● **Aim of the exercise**
Could you restate every entry word for word, minus the pictures?

Excerpts from a dataset
##############################
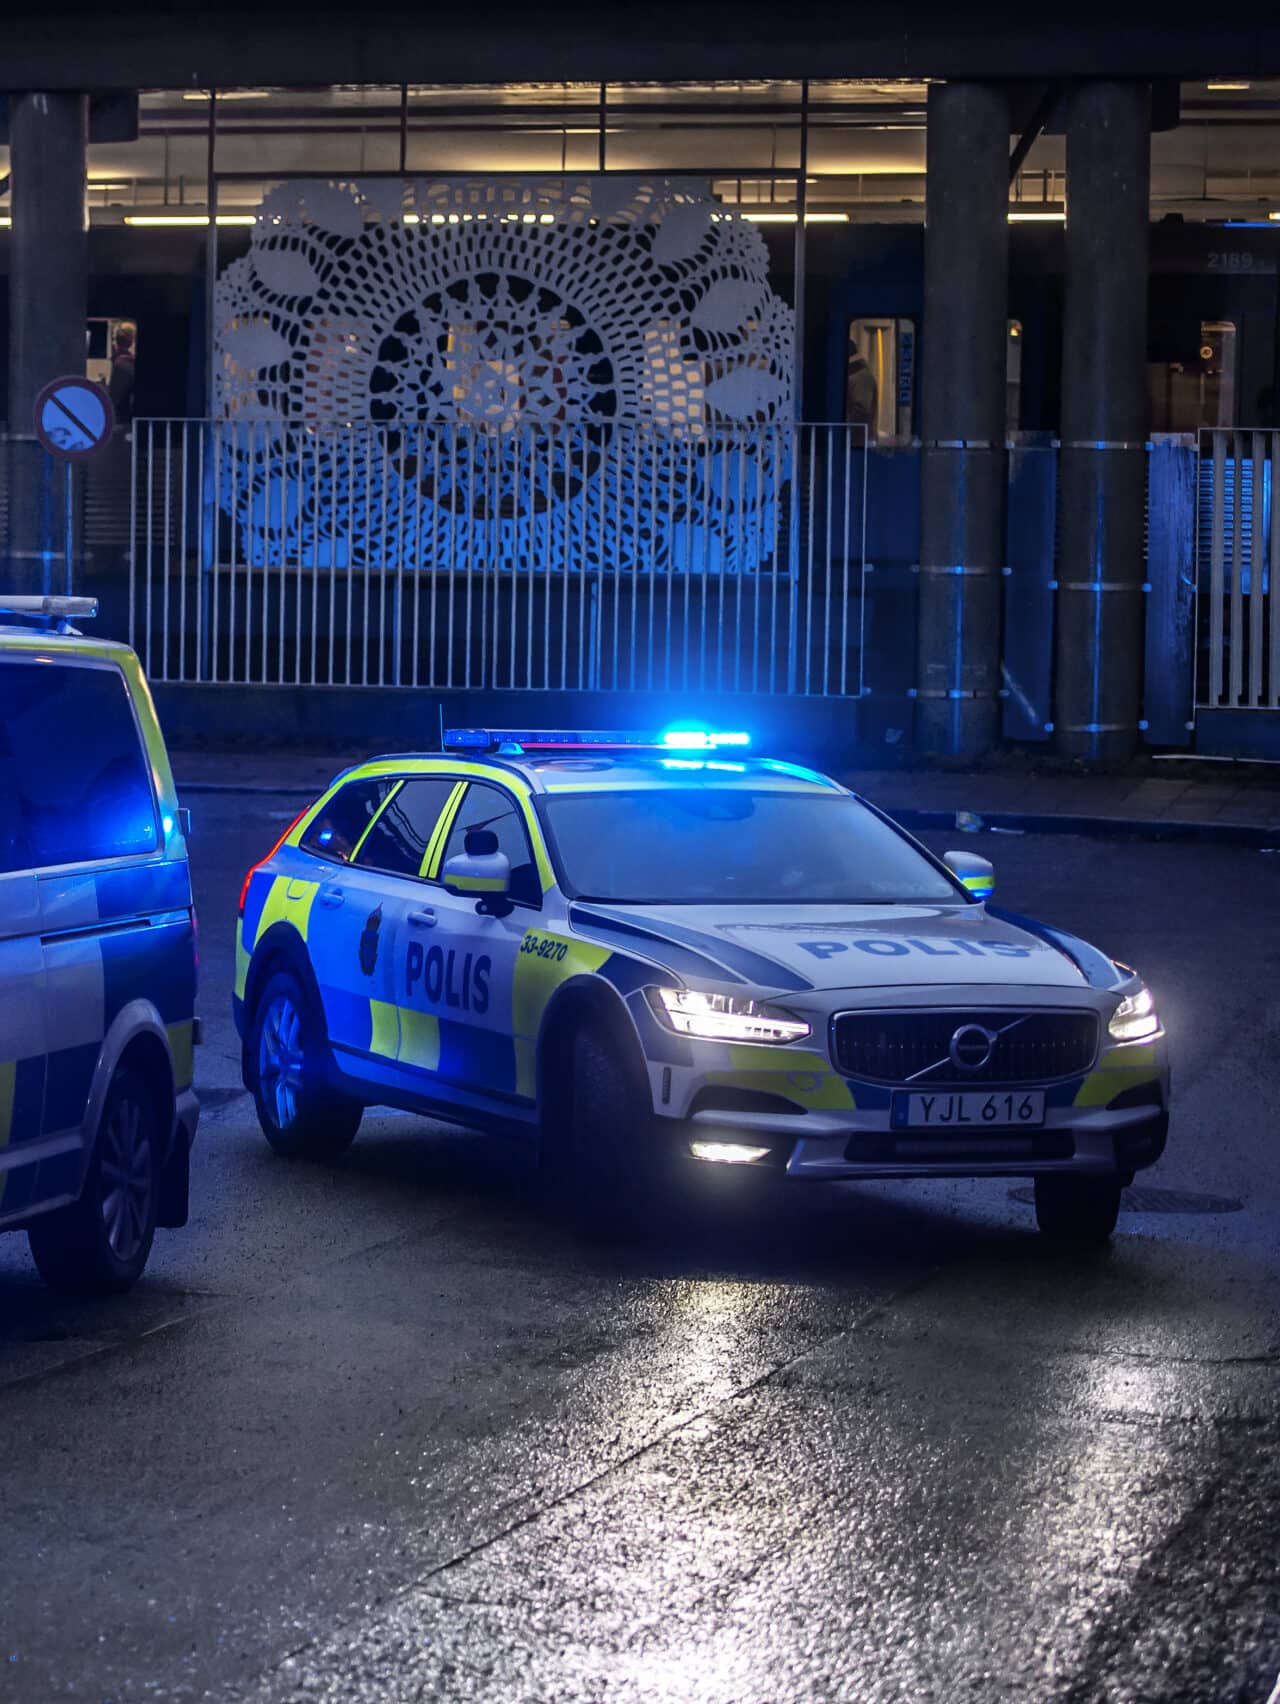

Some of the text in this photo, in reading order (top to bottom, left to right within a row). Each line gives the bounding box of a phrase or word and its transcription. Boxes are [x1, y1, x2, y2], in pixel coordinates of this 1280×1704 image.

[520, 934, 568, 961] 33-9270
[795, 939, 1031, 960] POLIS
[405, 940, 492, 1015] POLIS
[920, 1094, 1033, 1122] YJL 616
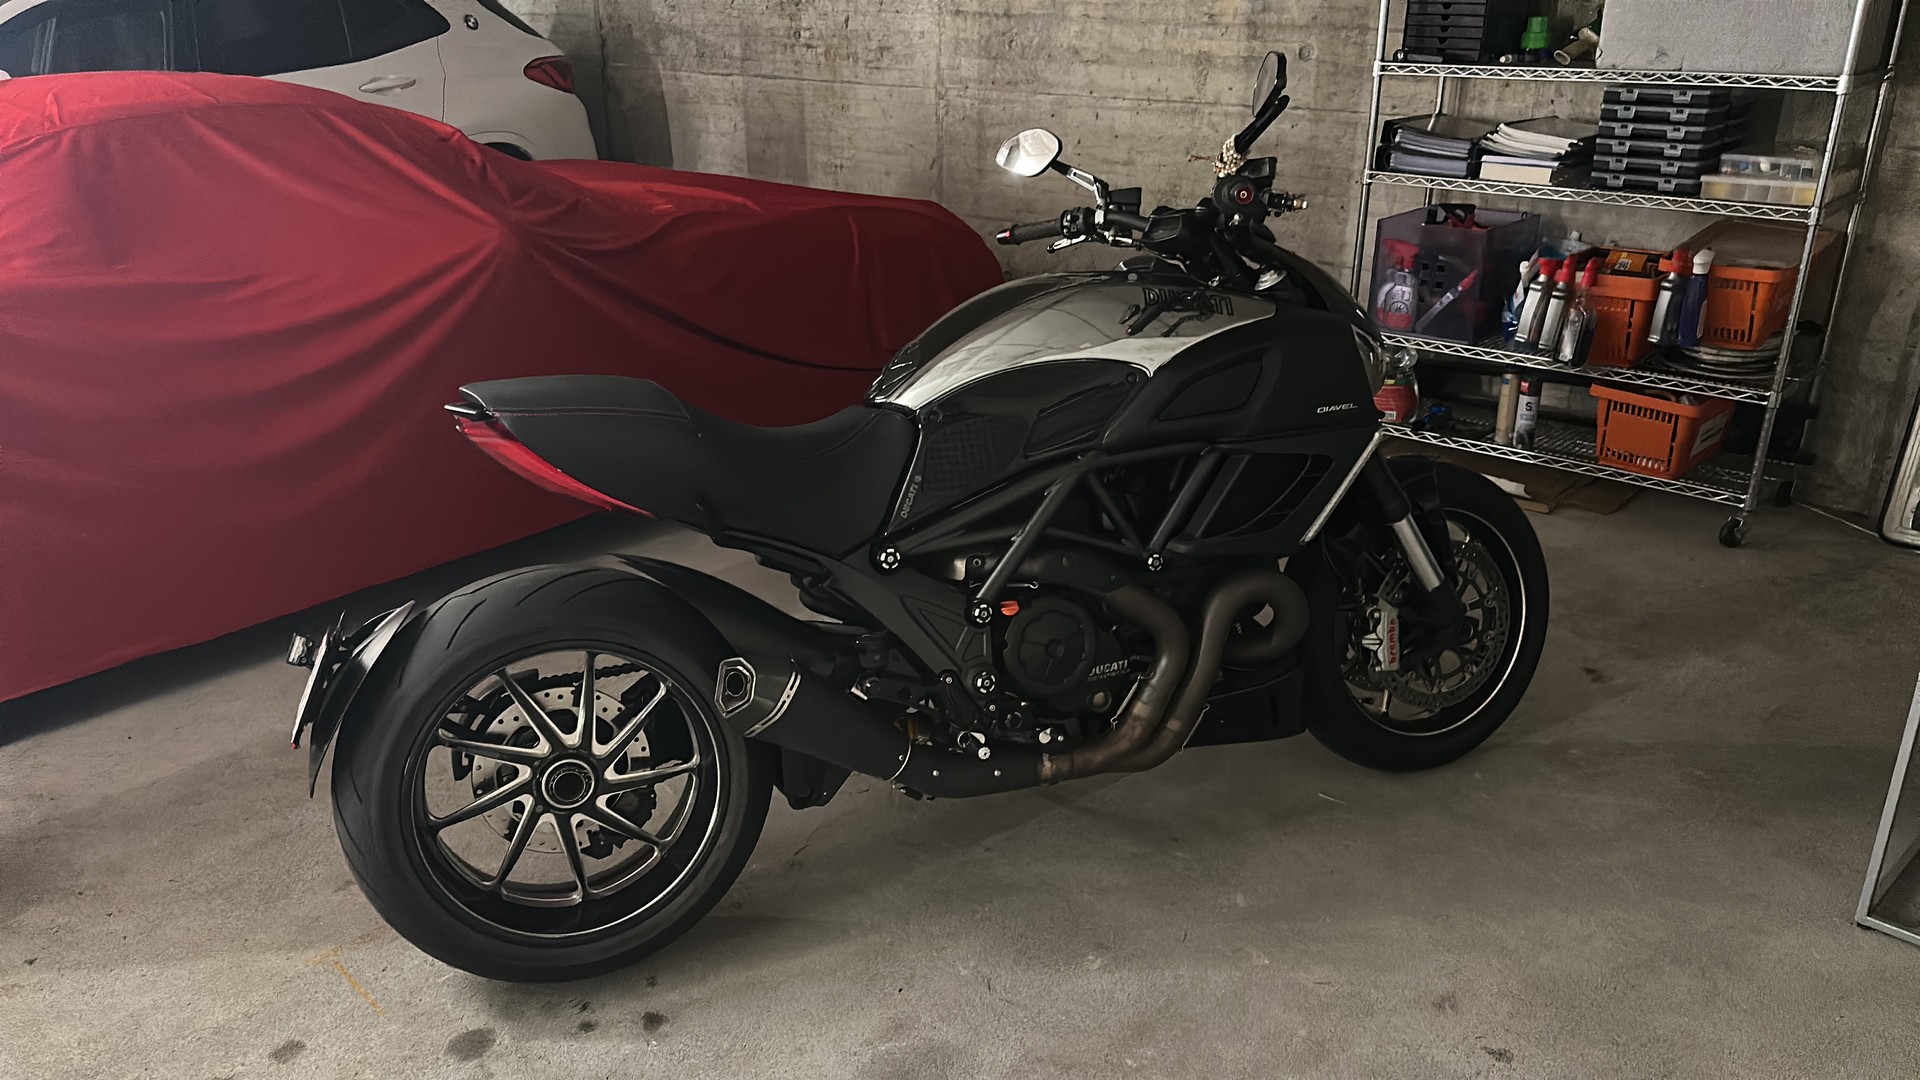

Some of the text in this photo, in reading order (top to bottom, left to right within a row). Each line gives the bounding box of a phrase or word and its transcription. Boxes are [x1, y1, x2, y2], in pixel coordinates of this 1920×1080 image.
##############################
● **Exercise answer**
Some of the text in this photo, in reading order (top to bottom, left to right within a row). Each line gives the bounding box of a phrase or word and its transcription. Boxes are [x1, y1, x2, y2], in pixel coordinates of this 1280×1704 image.

[520, 934, 568, 961] 33-9270
[795, 939, 1031, 960] POLIS
[405, 940, 492, 1015] POLIS
[920, 1094, 1033, 1122] YJL 616

Some of the text in this photo, in reading order (top to bottom, left to right within a row). Each line gives the bounding box of a phrase or word and its transcription. Boxes are [x1, y1, x2, y2], in pixel coordinates of this 1920×1080 image.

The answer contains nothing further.